Review by Brendan McCall
In Their Footsteps
Written by Ashley Adelman
Directed by Ashley Adelman & Andrew Dunn
Documentary Theatre / Radio Play
Infinite Variety Productions
Broadcast on WLIW-FM on 28 March 2021

Our stories about the US-Vietnam War is vast and culturally familiar: from big budget films (Platoon, Casualties of War, Apocalypse Now) to novels (Going After Cacciato) and plays (Streamers). They also tend to be decidedly male-dominated. In fact, in many cases, women are completely absent from their fictional universes.

Ashley Adelman´s In Their Footsteps, broadcast on WLIW-FM and produced by her company Infinite Variety Productions, offers a refreshing addition to our understanding about that chaotic conflict. Originally presented live in 2016 as a documentary theatre piece–ie oral histories with five American women who served in Vietnam form the basis of the script–the work was turned into a radio play as a scheduled two-week international tour to Italy was cancelled. The release of In Their Footsteps remains especially timely: during the same week, WNYC´s On The Media released a fascinating segment about the pioneering women who covered the War as print and photo journalists. Like the women whose stories comprise Adelman´s work, their contributions and accomplishments have been largely invisible.

In Their Footsteps begins by introducing its real-life characters like a canon perpetuus, whose melody is surreal and contradictory. Ann Kelsey (Kate Szekely) is a devoted librarian who encounters a soldier playing Mozart on a piano; while the Red Cross sends Jeanne “Sam” Christie (Niki Hatzidis) to the front to serve as a “Donut Dollie”–a way to keep up the (male) soldiers´ morale through conversation and activities. They remark how hard it is finding any tampons on base because the men claim these are effective tools to keep their gun barrels´ clean. Based on the play´s oral histories, it seems that the US military not only brought its weapons to Southeast Asia, but its misogynistic attitudes towards women, as well.
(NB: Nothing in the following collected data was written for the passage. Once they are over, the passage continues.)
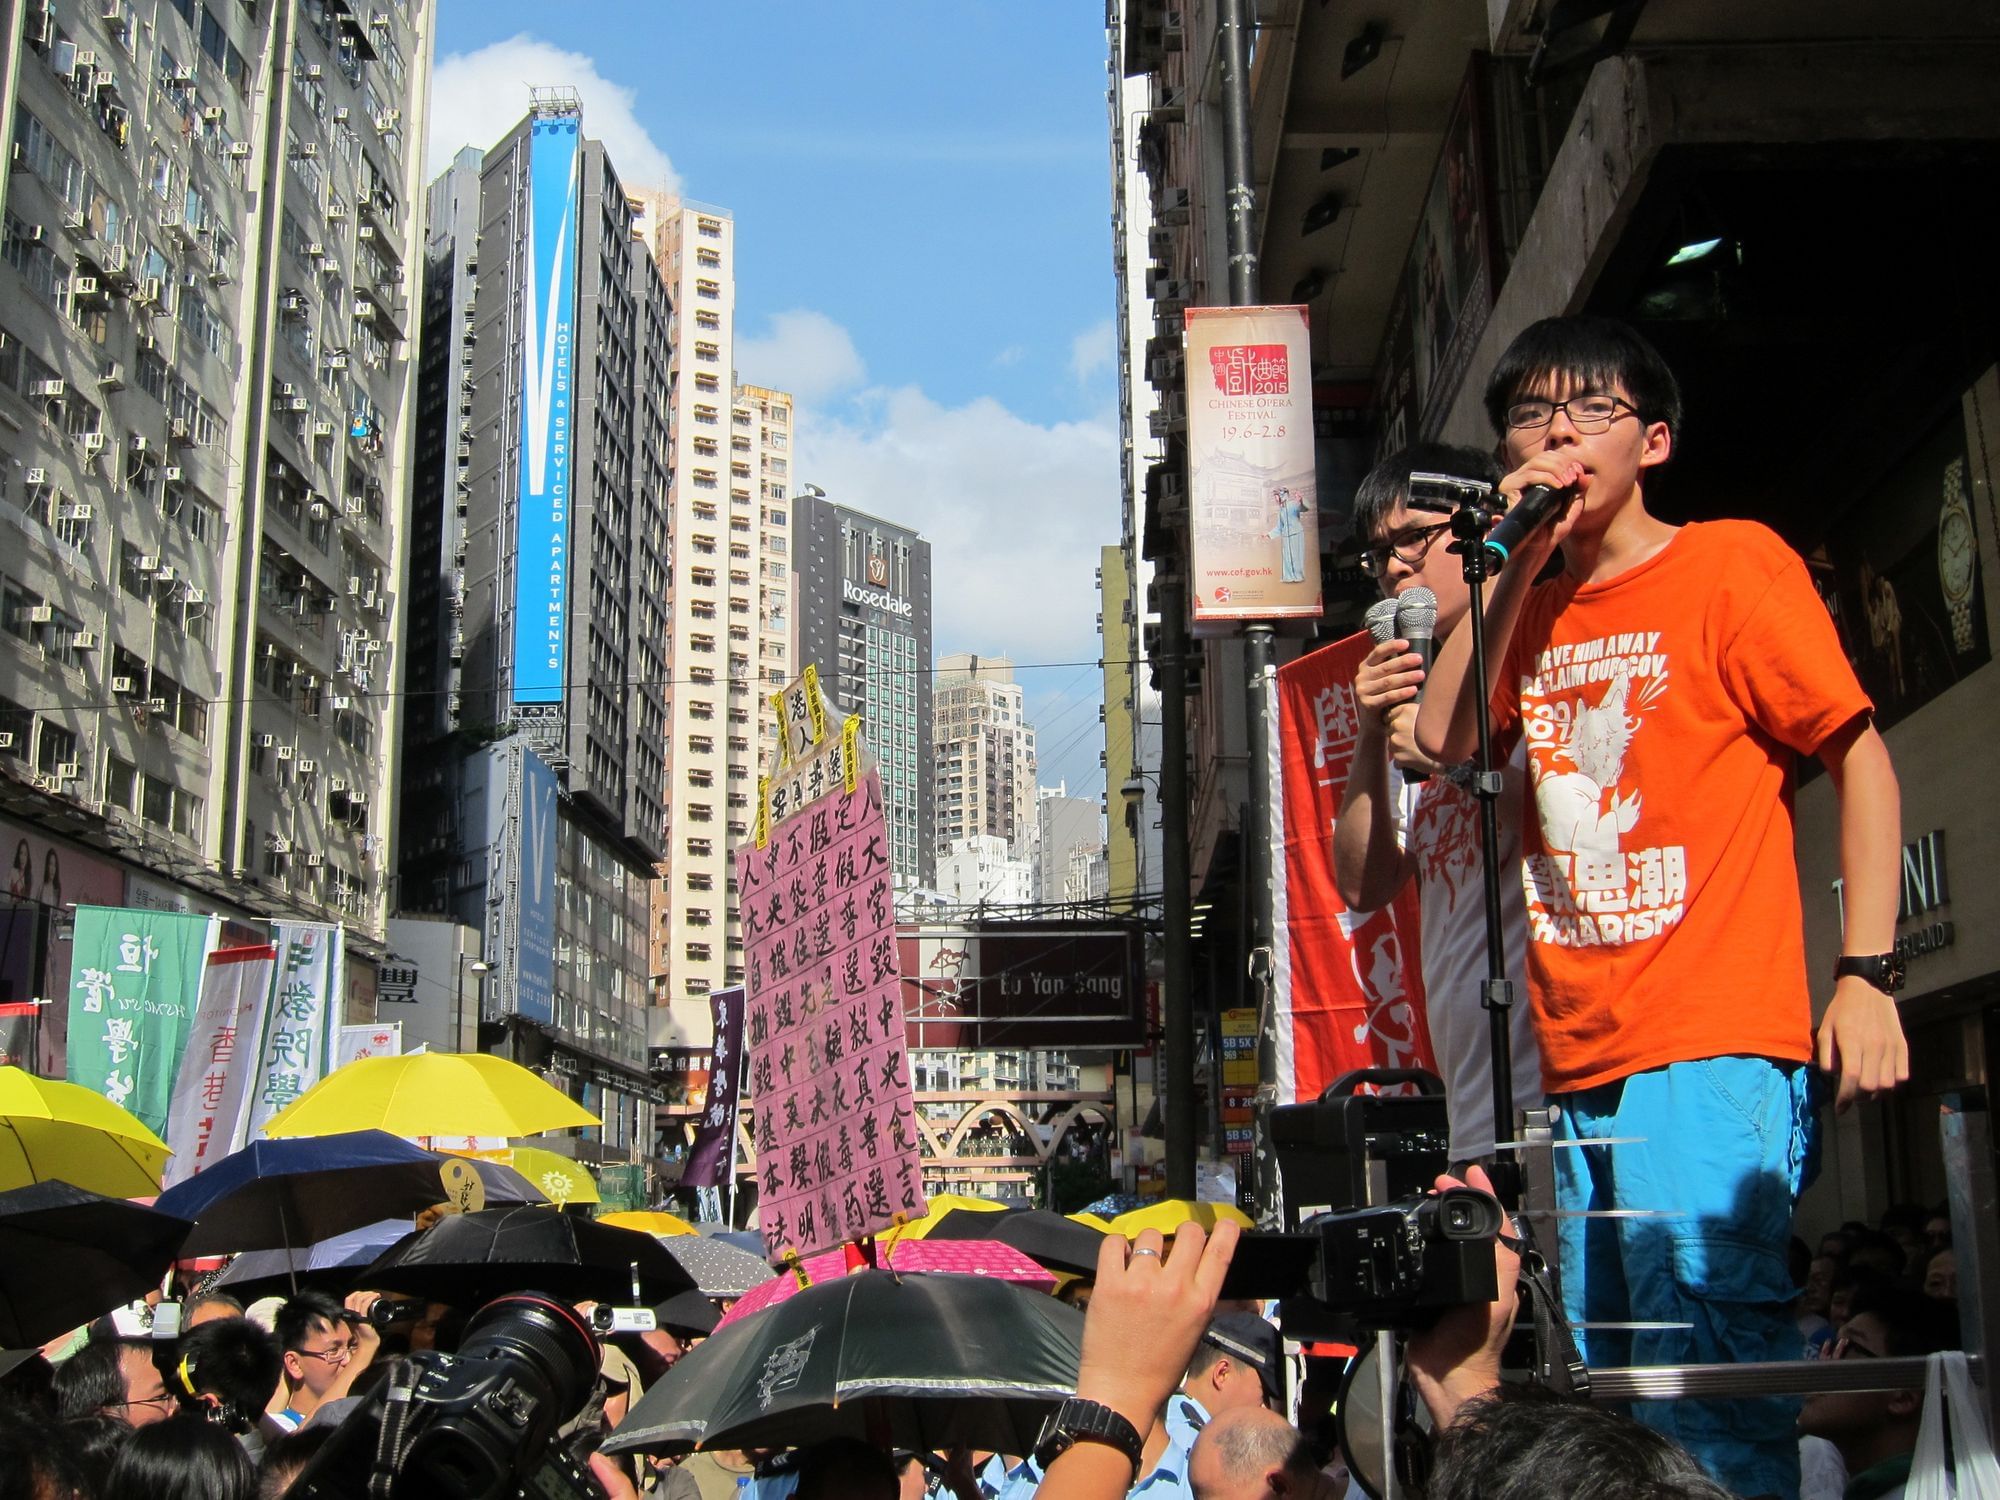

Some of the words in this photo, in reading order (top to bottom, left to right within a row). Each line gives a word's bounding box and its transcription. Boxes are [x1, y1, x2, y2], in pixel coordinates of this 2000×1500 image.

[556, 322, 570, 392] HOTELS
[1255, 382, 1288, 394] 2015
[556, 399, 566, 408] &
[1208, 399, 1254, 410] CHINESE
[1257, 397, 1293, 408] OPERA
[1228, 410, 1277, 421] FESTIVAL
[551, 416, 566, 522] SERVICED
[547, 532, 563, 669] APARTMENTS
[843, 578, 913, 617] Rosedale
[1573, 637, 1604, 663] HIM
[1605, 632, 1662, 656] AWAY
[1030, 972, 1064, 995] Yan
[1239, 1038, 1252, 1048] 5X
About fifteen minutes in, …Footsteps brings the listener right up to some of the horrors of the War, particularly through Doris “Lucki” Allen (Chrystal Bethell), a tragically Cassandra-like figure serving in intelligence for the Women’s Army Corps whose warnings about what would later be known as the Tet Offensive fell on deaf ears from her male counterparts. Was she ignored because she was Black, or because she was a woman? Or both? Meanwhile, Lily Adams (Criena House) questions what she and the rest of her country’s military is doing, exactly, in Vietnam; as an army nurse, Lily sees the homelessness and despair inflicted upon adults and very young children by the seemingly senseless American intervention. Returning home from their service, each of these women remain haunted and affected.

All of the actors in Adelman´s piece speak with clarity and heart. Andrew Dunn, who co-directed the piece as well as served as sound editor, includes just the right mix of sound effects to create a deeper soundscape of verisimilitude.
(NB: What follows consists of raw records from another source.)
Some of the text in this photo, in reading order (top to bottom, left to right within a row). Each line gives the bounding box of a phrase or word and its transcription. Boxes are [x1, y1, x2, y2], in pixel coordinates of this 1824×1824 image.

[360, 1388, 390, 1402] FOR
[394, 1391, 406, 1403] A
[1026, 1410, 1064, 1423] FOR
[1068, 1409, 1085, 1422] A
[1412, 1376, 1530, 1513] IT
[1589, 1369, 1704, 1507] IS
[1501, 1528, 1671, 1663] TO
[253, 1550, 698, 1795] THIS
Towards the end of the piece, when Lucki and Lily visit the Memorial in DC, we learn that over 2000 American women served in Vietnam, yet there is no official acknowledgement of them anywhere. 67 American women died in the War, and yet only 8 of their names are on the Wall. In The Footsteps is an important and powerful beginning towards remedying this, by sharing some of the heroism and humanity of these relatable women during a time of exceptional and insane violence.